**Problem to solve:** Word for word, repeat all the entries below, but without the pictures.
- Opening Delimiter -
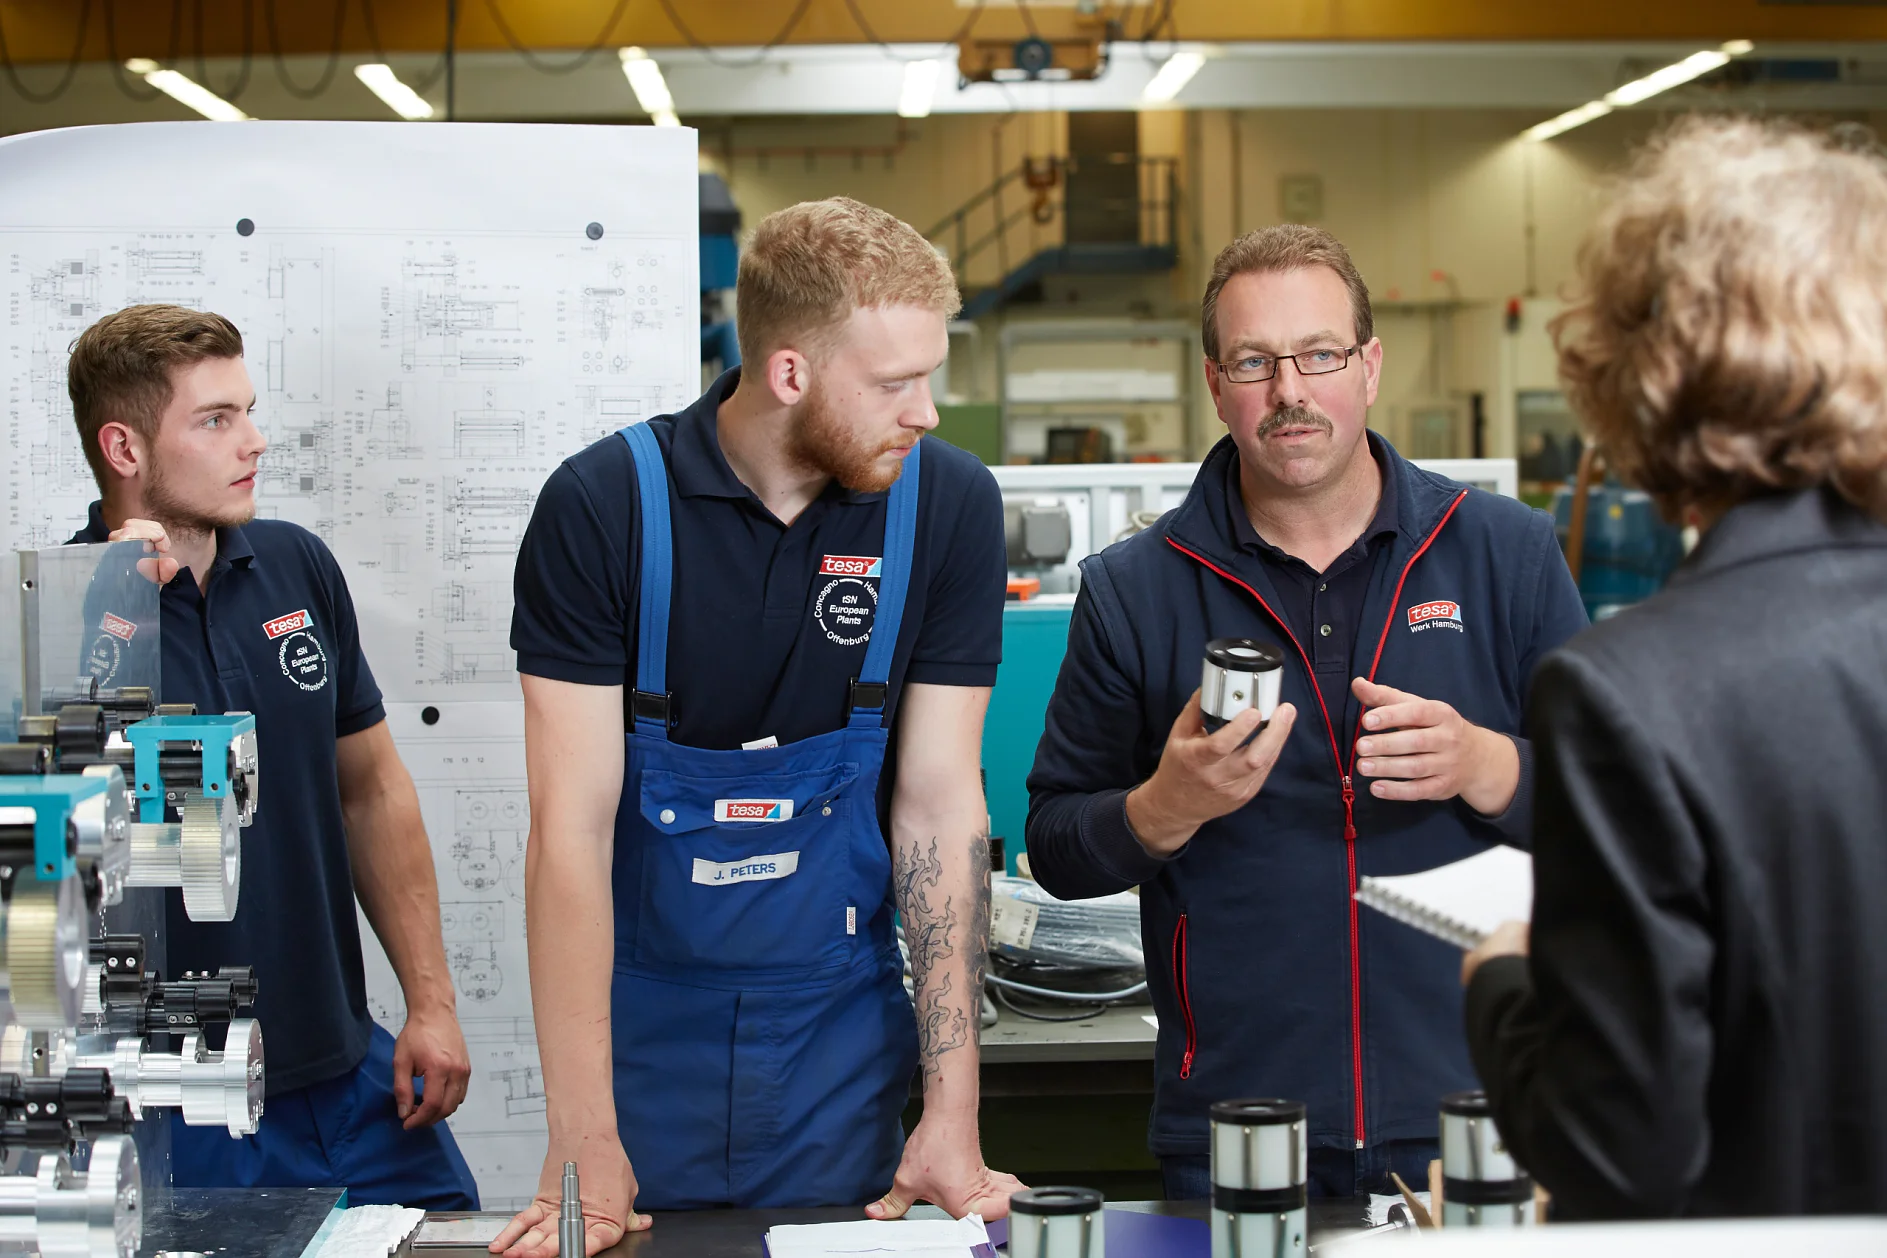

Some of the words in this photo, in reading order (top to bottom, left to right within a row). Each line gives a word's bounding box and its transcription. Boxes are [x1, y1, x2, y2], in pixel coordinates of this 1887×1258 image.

[824, 558, 865, 573] tesa
[814, 579, 839, 618] Concagno
[829, 604, 869, 615] European
[1411, 604, 1449, 619] tesa
[269, 614, 302, 634] tesa
[836, 615, 862, 625] Plants
[1410, 623, 1431, 633] Werk
[1432, 620, 1464, 633] Hamburg
[826, 631, 870, 645] Offenburg
[291, 654, 319, 668] European
[300, 663, 318, 675] Plants
[729, 804, 764, 816] tesa
[714, 871, 725, 880] J.
[730, 863, 776, 878] PETERS
- Closing Delimiter -
**Output of the task:**
Some of the words in this photo, in reading order (top to bottom, left to right within a row). Each line gives a word's bounding box and its transcription. Boxes are [x1, y1, x2, y2], in pixel coordinates of this 1887×1258 image.

[824, 558, 865, 573] tesa
[814, 579, 839, 618] Concagno
[829, 604, 869, 615] European
[1411, 604, 1449, 619] tesa
[269, 614, 302, 634] tesa
[836, 615, 862, 625] Plants
[1410, 623, 1431, 633] Werk
[1432, 620, 1464, 633] Hamburg
[826, 631, 870, 645] Offenburg
[291, 654, 319, 668] European
[300, 663, 318, 675] Plants
[729, 804, 764, 816] tesa
[714, 871, 725, 880] J.
[730, 863, 776, 878] PETERS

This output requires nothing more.